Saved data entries
________________________________________
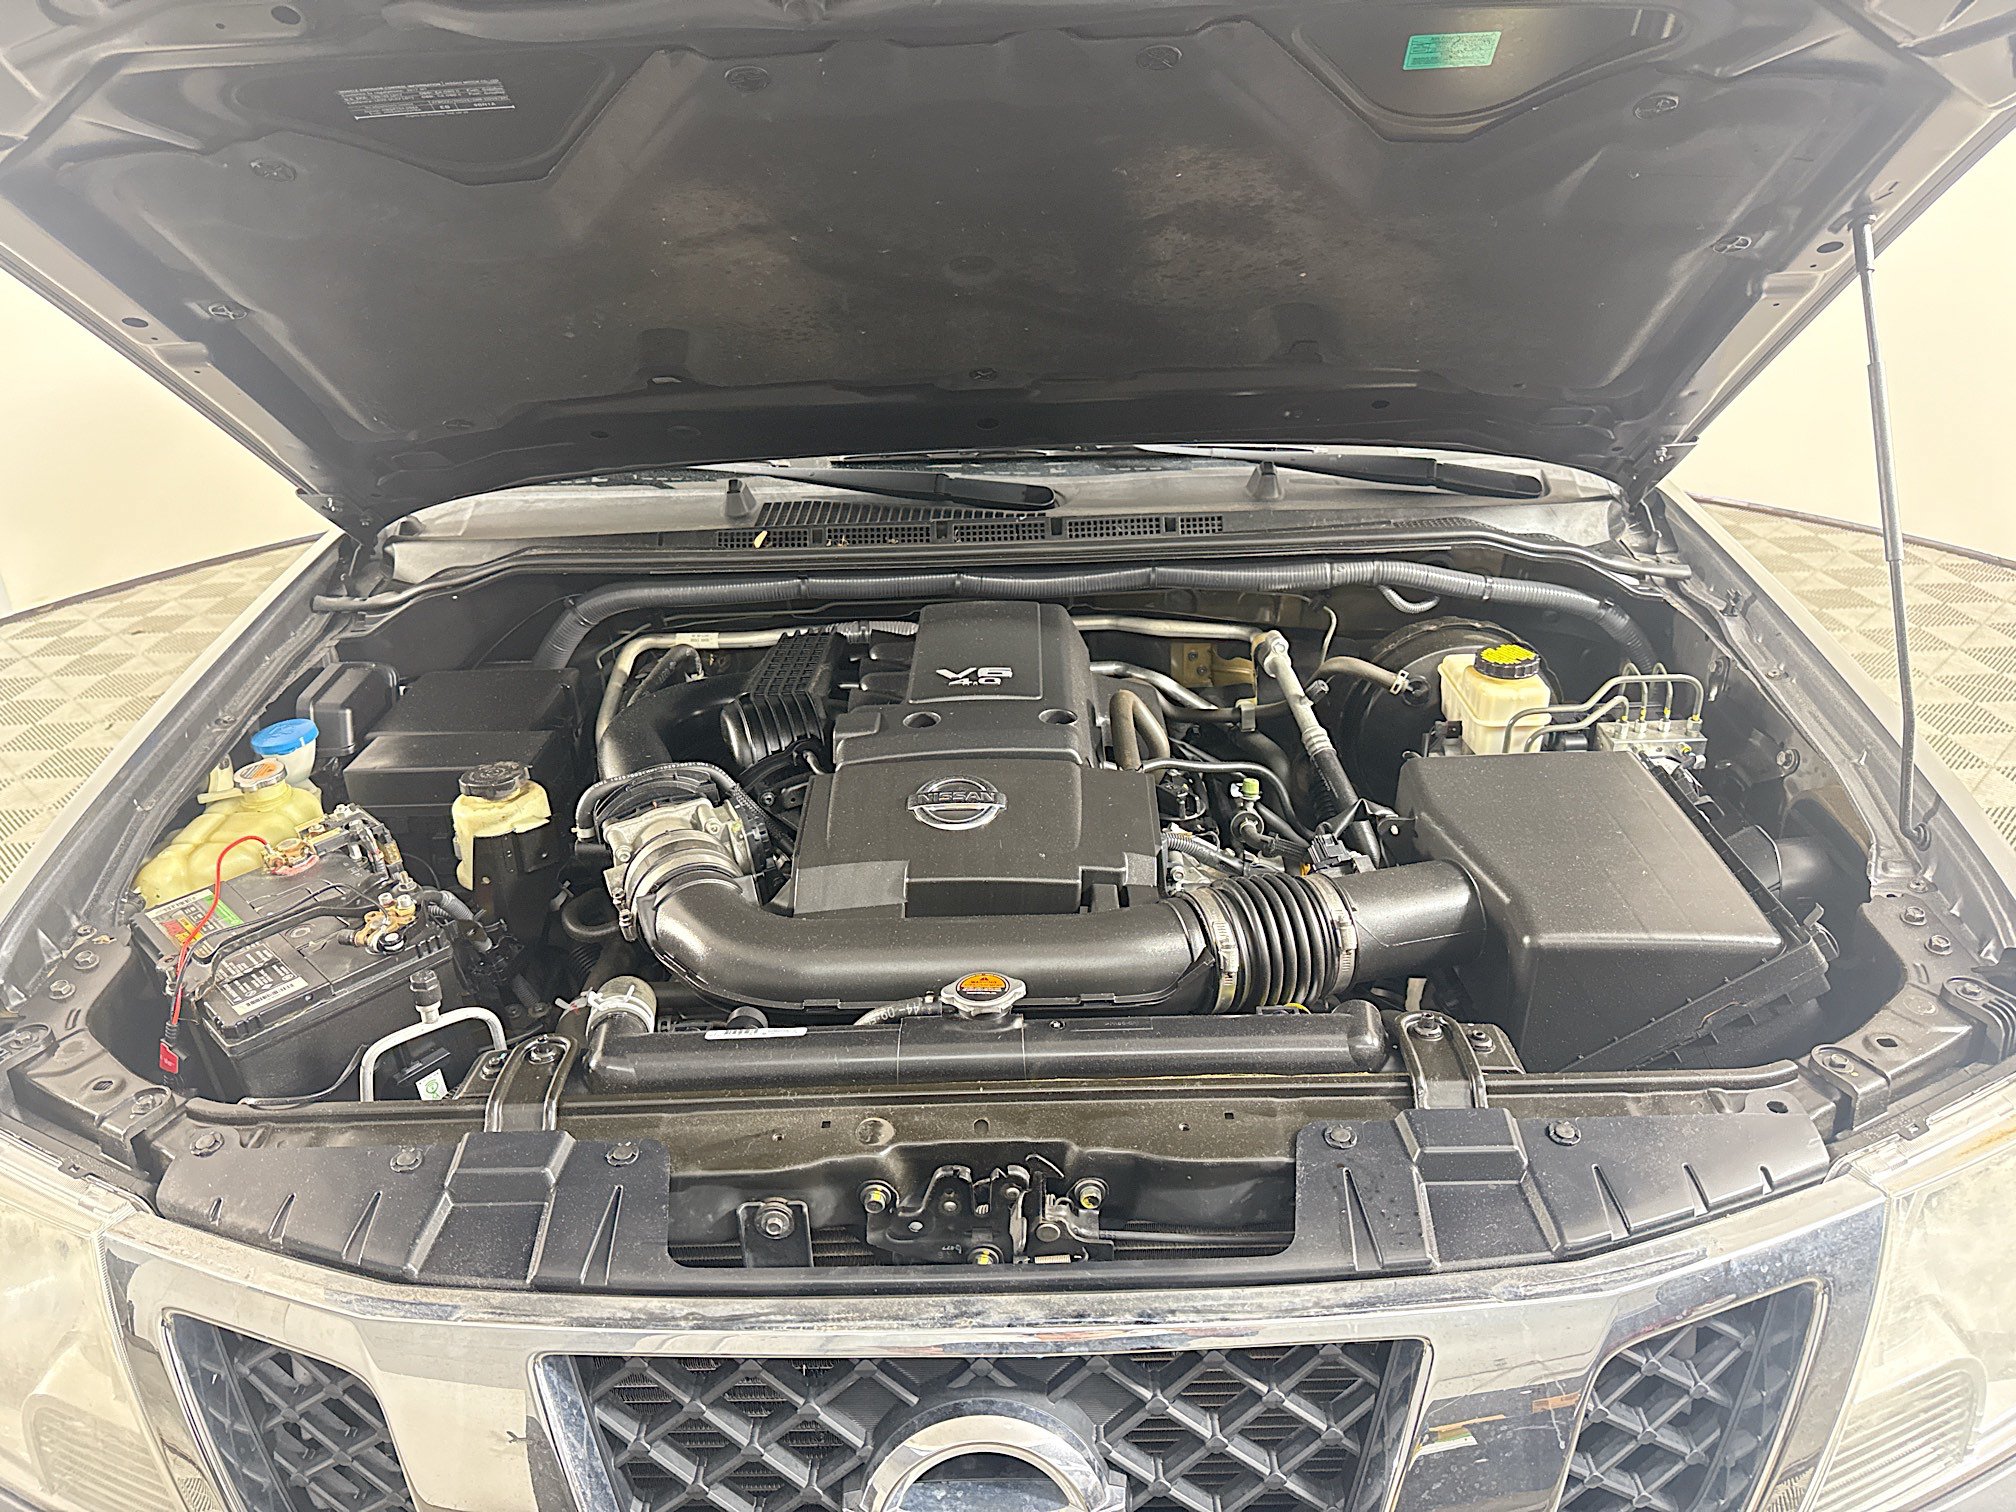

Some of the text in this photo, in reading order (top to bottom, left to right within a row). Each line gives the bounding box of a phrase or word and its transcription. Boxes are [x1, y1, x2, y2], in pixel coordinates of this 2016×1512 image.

[935, 666, 1013, 680] V6
[948, 677, 1002, 686] 4.0
[917, 792, 995, 804] NISSAN
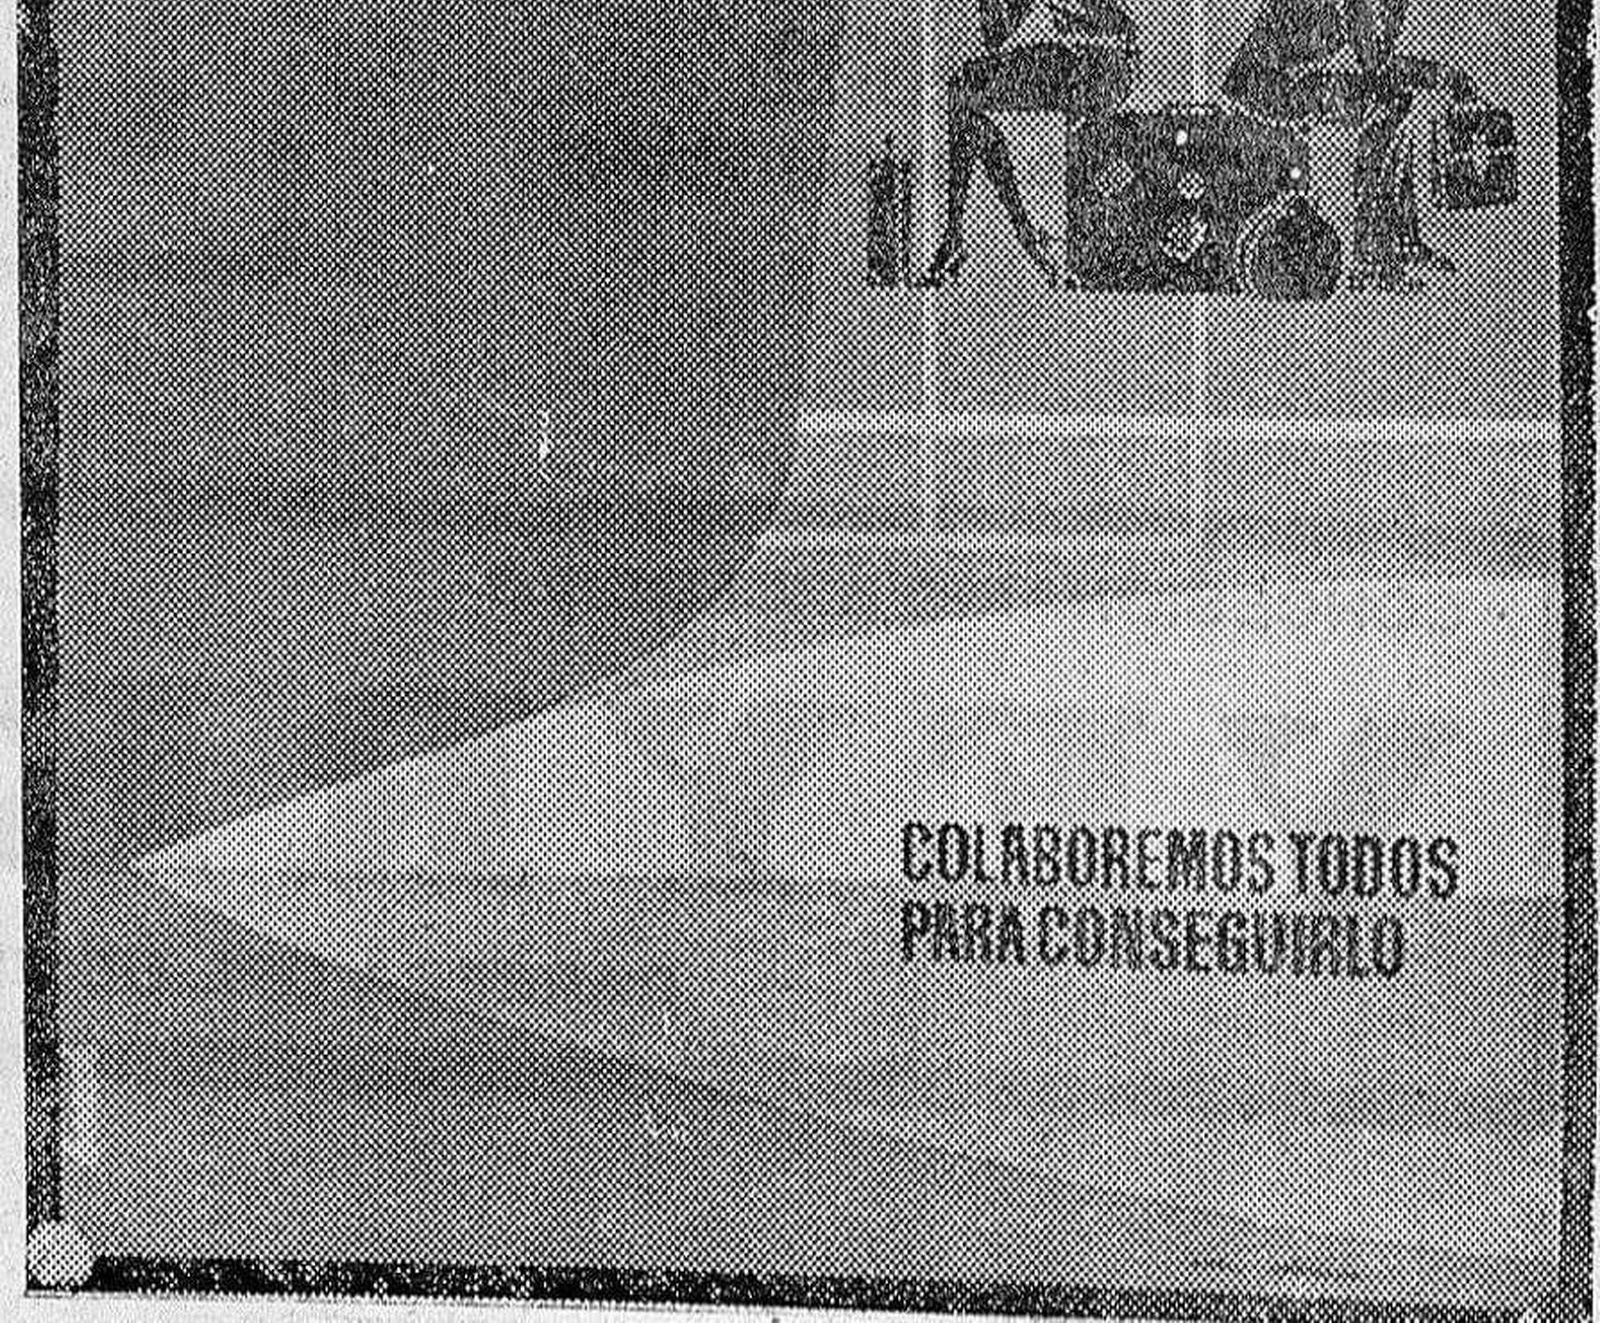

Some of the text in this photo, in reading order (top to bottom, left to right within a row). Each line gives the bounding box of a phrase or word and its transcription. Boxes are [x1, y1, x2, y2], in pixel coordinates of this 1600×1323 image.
________________________________________
__Description of the task__
All entries above, minus the pictures, should be repeated exactly.

__Written response__
Some of the text in this photo, in reading order (top to bottom, left to right within a row). Each line gives the bounding box of a phrase or word and its transcription. Boxes are [x1, y1, x2, y2], in pixel coordinates of this 2016×1512 image.

[935, 666, 1013, 680] V6
[948, 677, 1002, 686] 4.0
[917, 792, 995, 804] NISSAN

Some of the text in this photo, in reading order (top to bottom, left to right within a row). Each line gives the bounding box of a phrase or word and its transcription. Boxes are [x1, y1, x2, y2], in pixel coordinates of this 1600×1323 image.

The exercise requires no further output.